People can have hepatits B without obvious symptoms. Even without physical symptoms, though, hepatitis B can cause liver damage. A doctor can detect this damage through a blood test that looks for specific viral proteins in the blood. Also, routine laboratory tests for proper liver function may alert your doctor to the possibility of a disguised infection. Liver sampling (biopsy) can usually detect microscopic evidence of damage.
In the acute form, hepatitis B causes sudden liver inflammation and a flu-like illness. Symptoms can include:
- lack of appetite
- joint pain
- yellowing of the skin and eyes (jaundice)
- nausea and vomiting.
- right-sided tenderness under the ribs.
Symptoms may persist for some time, but they usually resolve in less than six months.

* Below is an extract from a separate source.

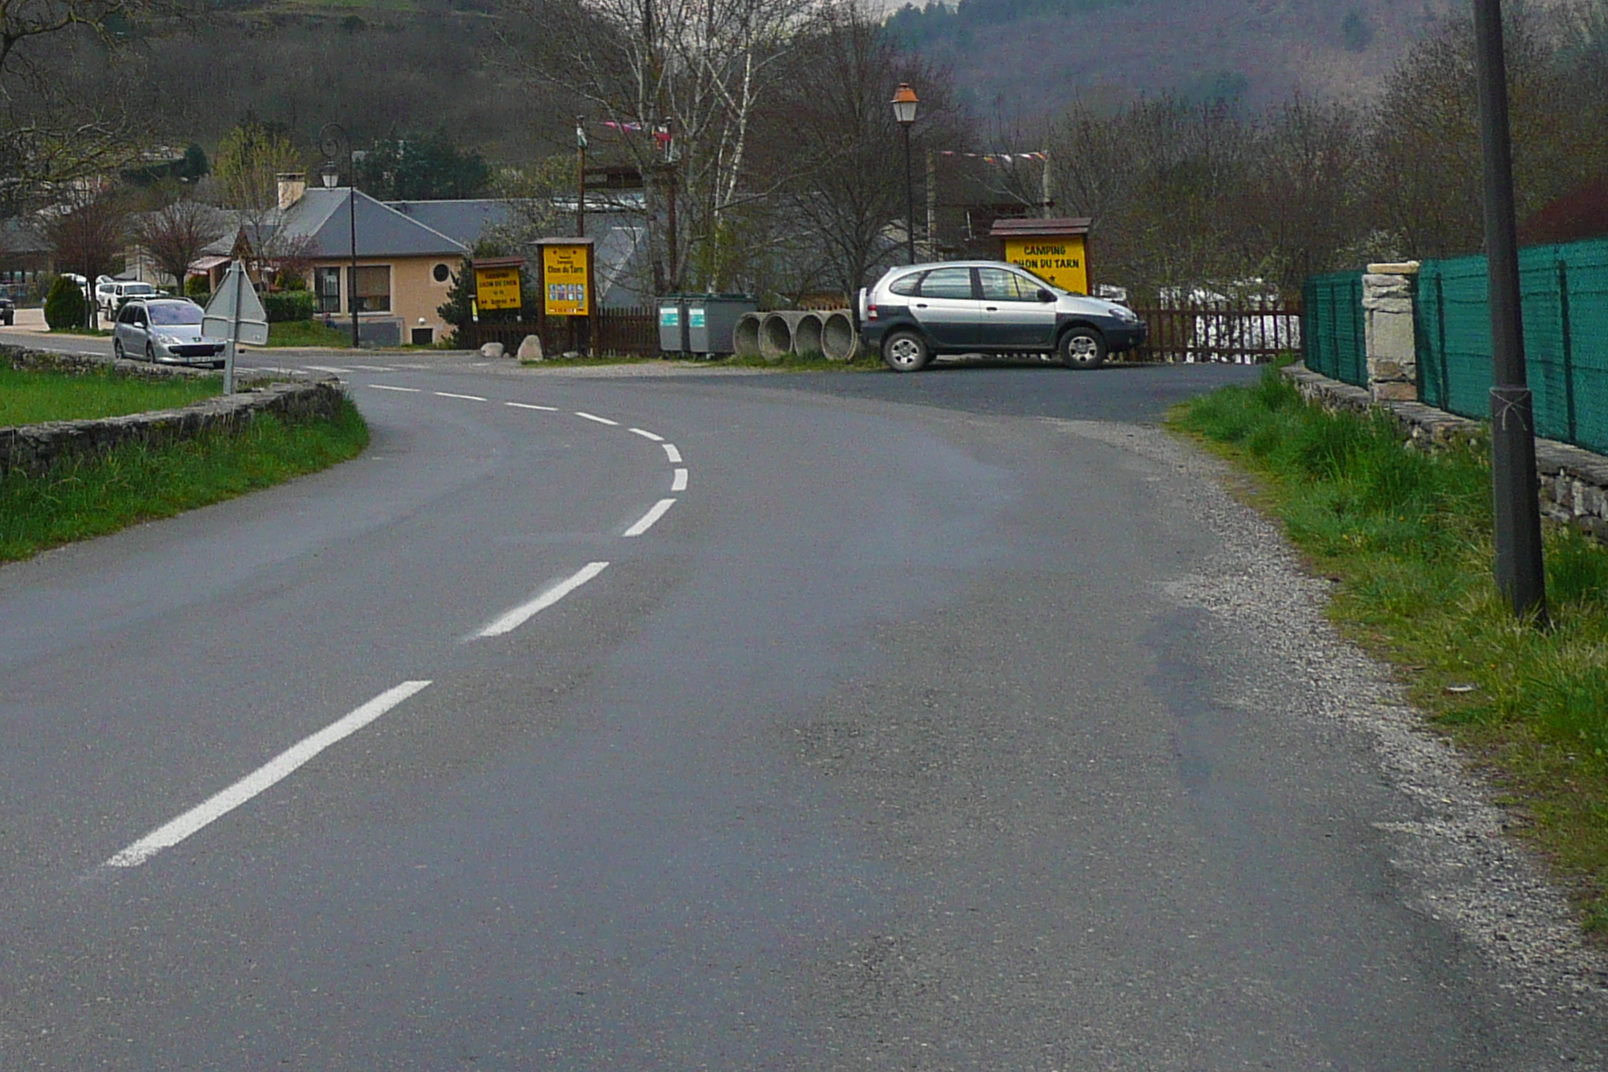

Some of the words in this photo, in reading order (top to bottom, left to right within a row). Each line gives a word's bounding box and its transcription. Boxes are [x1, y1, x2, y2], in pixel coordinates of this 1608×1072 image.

[1024, 245, 1066, 255] CAMPING
[1040, 259, 1052, 268] DU
[1054, 259, 1079, 268] TARN

In the chronic form, hepatitis B can eventually cause serious liver damage. Symptoms of chronic hepatitis B include:
- ongoing loss of appetite
- muscle and joint pain
- tenderness in the upper right abdomen.
An estimated 10% per year of people with chronic infections do clear the virus from their systems over time. Others do not, and face an increased risk of cirrhosis as well as liver cancer. While it is possible to "carry" the hepatitis B virus for years without serious problems, some carriers relapse into an active infection. This active infection may not cause symptoms, but may cause liver damage anyway.
Sharing needles for injection drug use helps spread the disease. Needles used to create tattoos, if unclean, can also spread the virus. Unprotected sexual intercourse can spread hepatitis B. Both semen and vaginal secretions can spread the hepatitis virus. The hepatitis virus has also been found in saliva. Kissing on the cheek or dry lip kissing will not spread the virus.
People who have day-to-day contact with those who have chronic hepatitis B are at risk for the disease, and should get a hepatitis B vaccine. For example, anyone living with a person with chronic hepatitis B is more likely to come in contact with that person’s blood, a razor, a toothbrush, or any other item that may contain bodily fluids harboring the disease.
Health care workers who have contact with blood are at risk for getting the disease. A needlestick from an infected needle, for example, can spread the virus.
Babies born to mothers with an active hepatitis B infection are at risk for getting the disease. Spread of the virus from mother to child during birth is called vertical transmission, and carries a risk of infection to the newborn that can approach 90%, depending on how active the virus is in the mother.
Patients who are undergoing hemodialysis--a process whereby a person's blood is fed into a machine that filters and purifies it, and then returns it to the body— are at greater risk of catching the virus. Infants and children who emigrate to the US from areas where the disease is common are at risk for chronic infection. According to the Center for Disease Control, chronic hepatitis B infection rates are high (>8%) in all of Africa; Southeast Asia, including China, Korea, Indonesia, and the Philippines; the Middle East, except Israel; south and western Pacific islands; the interior Amazon River basin; and Haiti and the Dominican Republic. The prevalence of chronic hepatitis B infection is intermediate (2% to 7%) in South Central and Southwest Asia, Israel, Japan, Eastern and Southern Europe, Russia, most areas surrounding the Amazon River basin, Honduras, and Guatemala. It is recommended that travelers to these areas be vaccinated for hepatitis B if they will be staying for longer than six months, or if they anticipate having daily physical or sexual contact with the local population. Anyone traveling to such an area who may require medical or dental care should also be vaccinated.